> **Assigned task**
State how many lines in this listing include the word "ОГУРЦЫ", and nothing else.

> **Extracted entries**
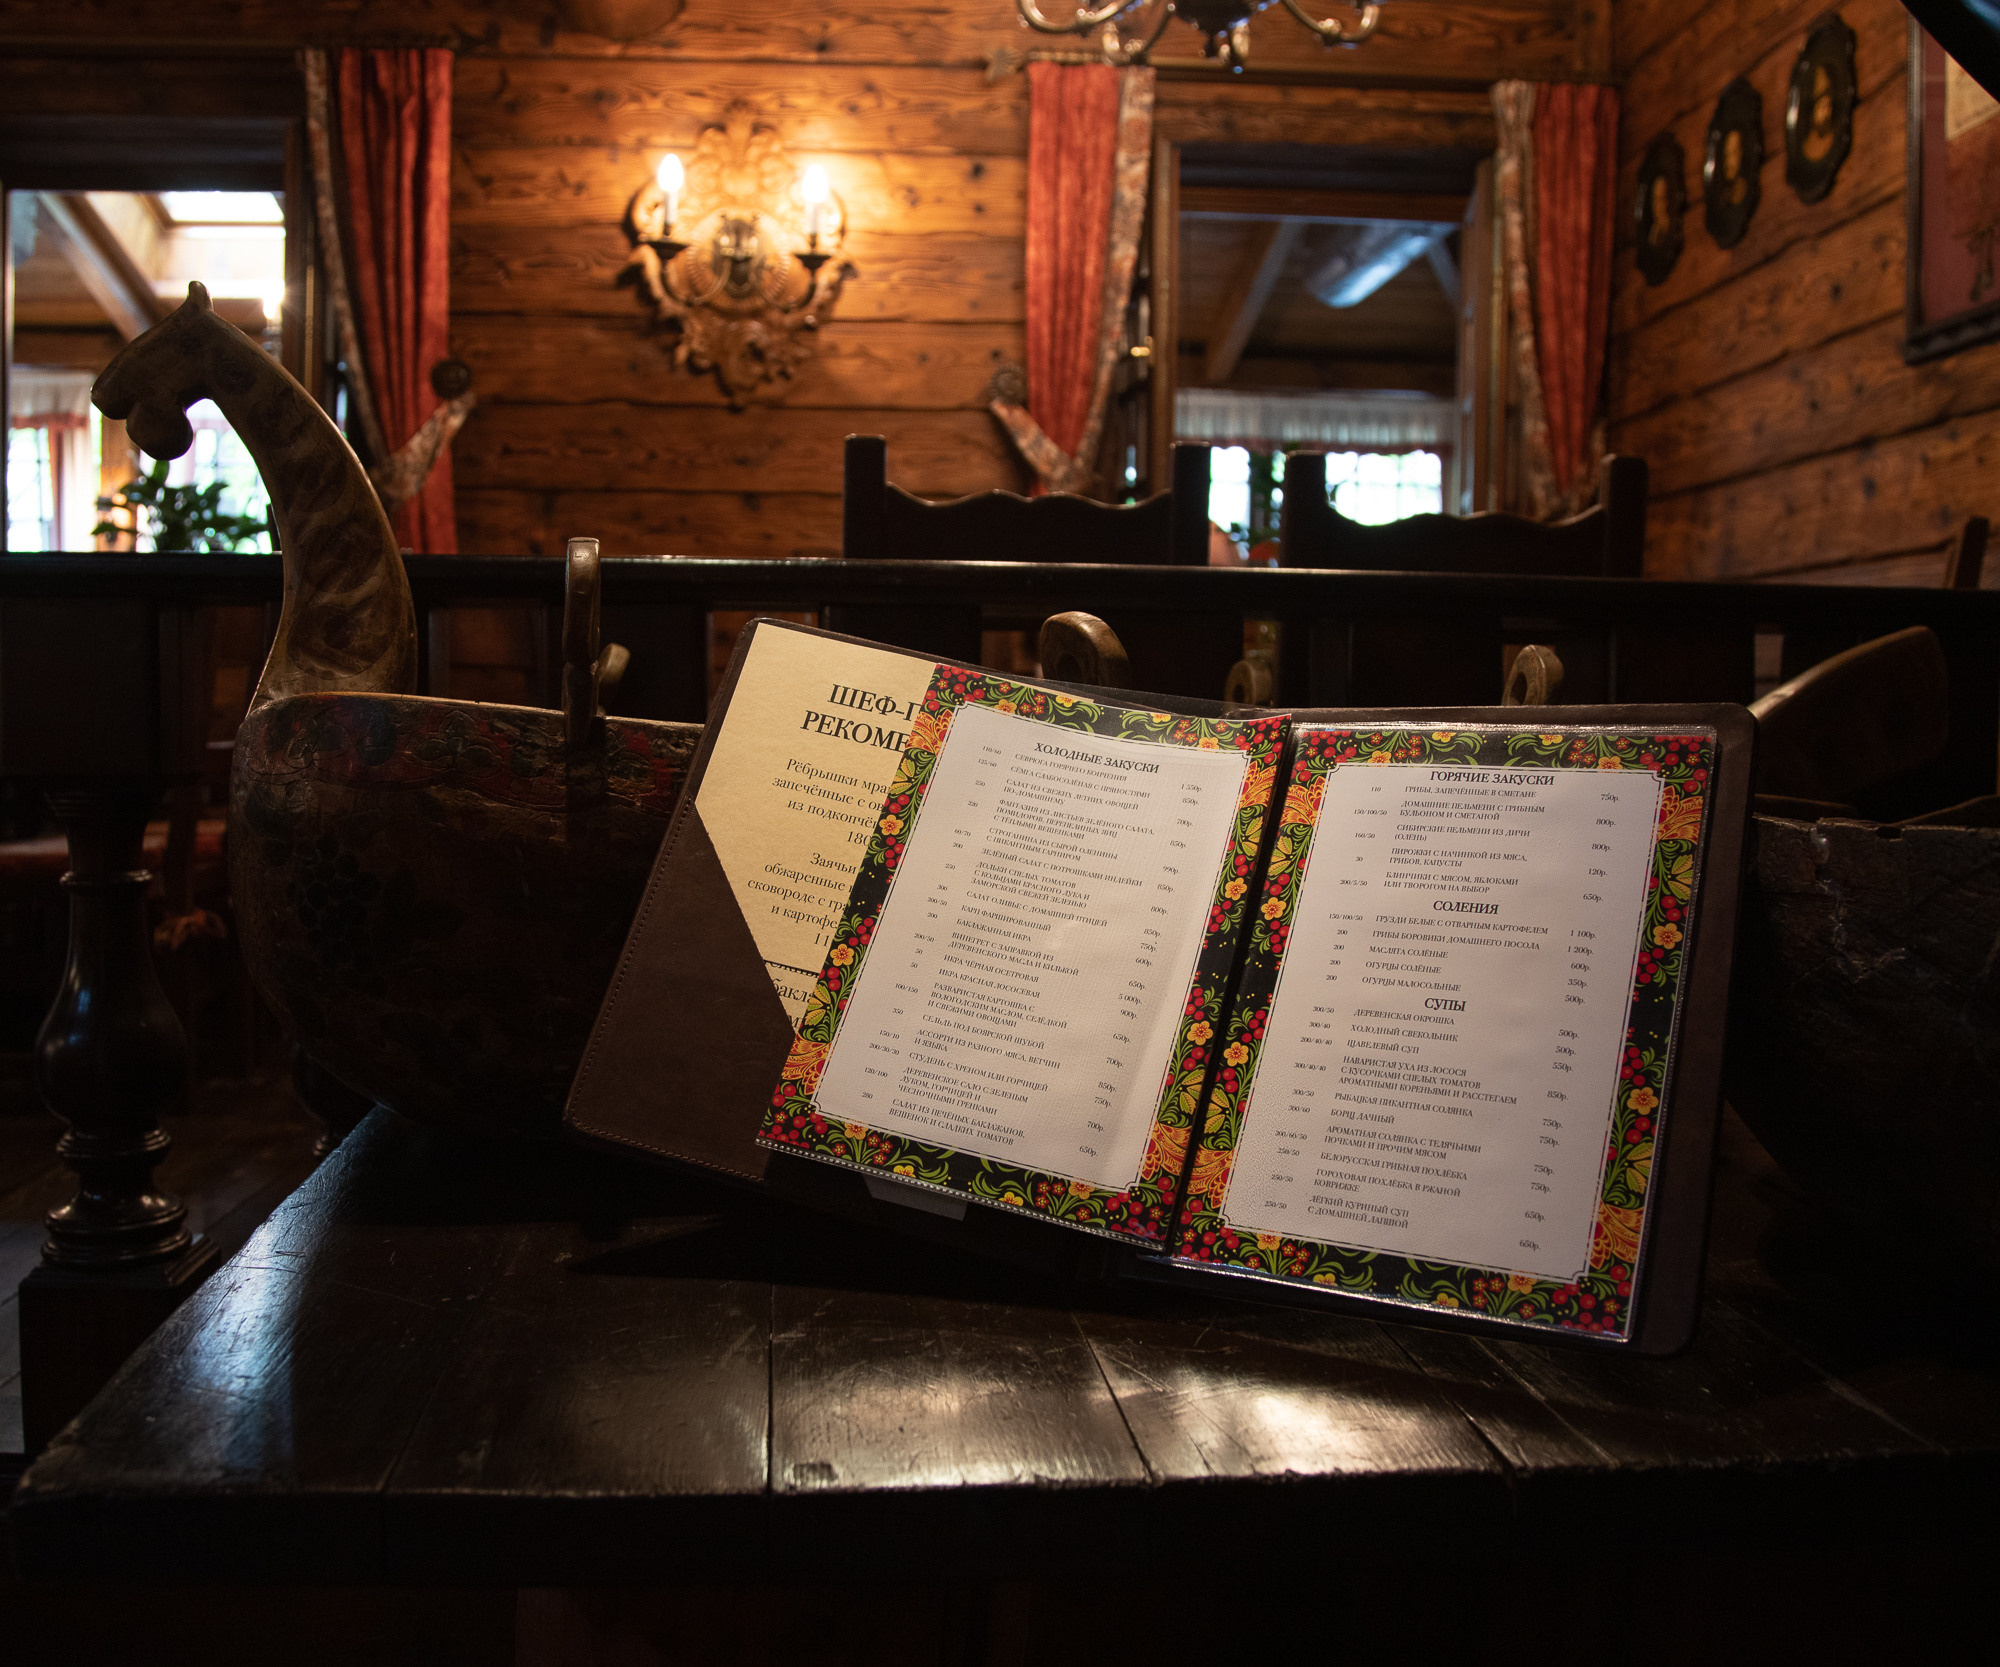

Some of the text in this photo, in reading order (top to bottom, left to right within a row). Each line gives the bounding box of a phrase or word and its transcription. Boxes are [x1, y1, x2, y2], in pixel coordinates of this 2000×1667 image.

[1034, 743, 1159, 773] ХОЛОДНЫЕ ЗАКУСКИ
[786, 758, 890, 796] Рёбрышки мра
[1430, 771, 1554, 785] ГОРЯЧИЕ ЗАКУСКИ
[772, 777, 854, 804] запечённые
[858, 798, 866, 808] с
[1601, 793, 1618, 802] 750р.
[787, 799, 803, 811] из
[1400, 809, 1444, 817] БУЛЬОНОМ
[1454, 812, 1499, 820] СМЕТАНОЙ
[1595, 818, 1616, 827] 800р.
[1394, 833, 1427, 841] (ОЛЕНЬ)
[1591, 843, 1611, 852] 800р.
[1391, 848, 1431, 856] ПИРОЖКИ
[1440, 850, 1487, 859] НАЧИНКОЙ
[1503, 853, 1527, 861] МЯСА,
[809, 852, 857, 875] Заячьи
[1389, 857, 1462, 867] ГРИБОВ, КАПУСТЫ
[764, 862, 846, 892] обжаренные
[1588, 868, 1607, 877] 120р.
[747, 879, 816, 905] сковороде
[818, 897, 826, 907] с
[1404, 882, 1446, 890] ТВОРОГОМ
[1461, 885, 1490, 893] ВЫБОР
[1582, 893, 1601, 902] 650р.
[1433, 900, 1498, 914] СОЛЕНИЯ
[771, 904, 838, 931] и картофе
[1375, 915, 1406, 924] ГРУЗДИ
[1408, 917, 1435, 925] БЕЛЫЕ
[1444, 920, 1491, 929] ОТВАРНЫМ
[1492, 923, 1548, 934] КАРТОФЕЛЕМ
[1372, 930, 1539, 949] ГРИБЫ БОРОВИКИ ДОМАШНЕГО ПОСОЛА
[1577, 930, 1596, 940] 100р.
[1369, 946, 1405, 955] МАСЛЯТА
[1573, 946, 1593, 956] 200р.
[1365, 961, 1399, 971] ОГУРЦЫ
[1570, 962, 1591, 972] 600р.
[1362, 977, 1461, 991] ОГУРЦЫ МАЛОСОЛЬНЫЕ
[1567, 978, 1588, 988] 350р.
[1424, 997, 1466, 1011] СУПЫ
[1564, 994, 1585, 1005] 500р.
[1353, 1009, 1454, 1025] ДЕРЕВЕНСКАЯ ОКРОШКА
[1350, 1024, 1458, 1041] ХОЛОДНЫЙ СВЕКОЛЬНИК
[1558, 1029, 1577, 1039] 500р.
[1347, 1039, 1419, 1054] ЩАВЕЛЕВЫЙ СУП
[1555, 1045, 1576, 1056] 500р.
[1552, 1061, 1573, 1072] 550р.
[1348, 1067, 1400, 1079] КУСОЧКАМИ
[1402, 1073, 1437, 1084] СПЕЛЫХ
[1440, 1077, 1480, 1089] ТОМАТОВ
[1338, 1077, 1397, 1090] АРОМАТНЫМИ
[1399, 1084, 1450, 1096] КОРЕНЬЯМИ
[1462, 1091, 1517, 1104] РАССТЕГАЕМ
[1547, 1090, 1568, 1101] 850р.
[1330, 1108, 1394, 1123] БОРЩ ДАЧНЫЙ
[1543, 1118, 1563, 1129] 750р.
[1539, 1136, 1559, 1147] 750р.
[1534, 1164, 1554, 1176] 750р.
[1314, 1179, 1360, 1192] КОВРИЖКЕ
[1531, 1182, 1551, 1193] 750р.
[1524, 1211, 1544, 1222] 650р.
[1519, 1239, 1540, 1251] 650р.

> **Result of the task**
2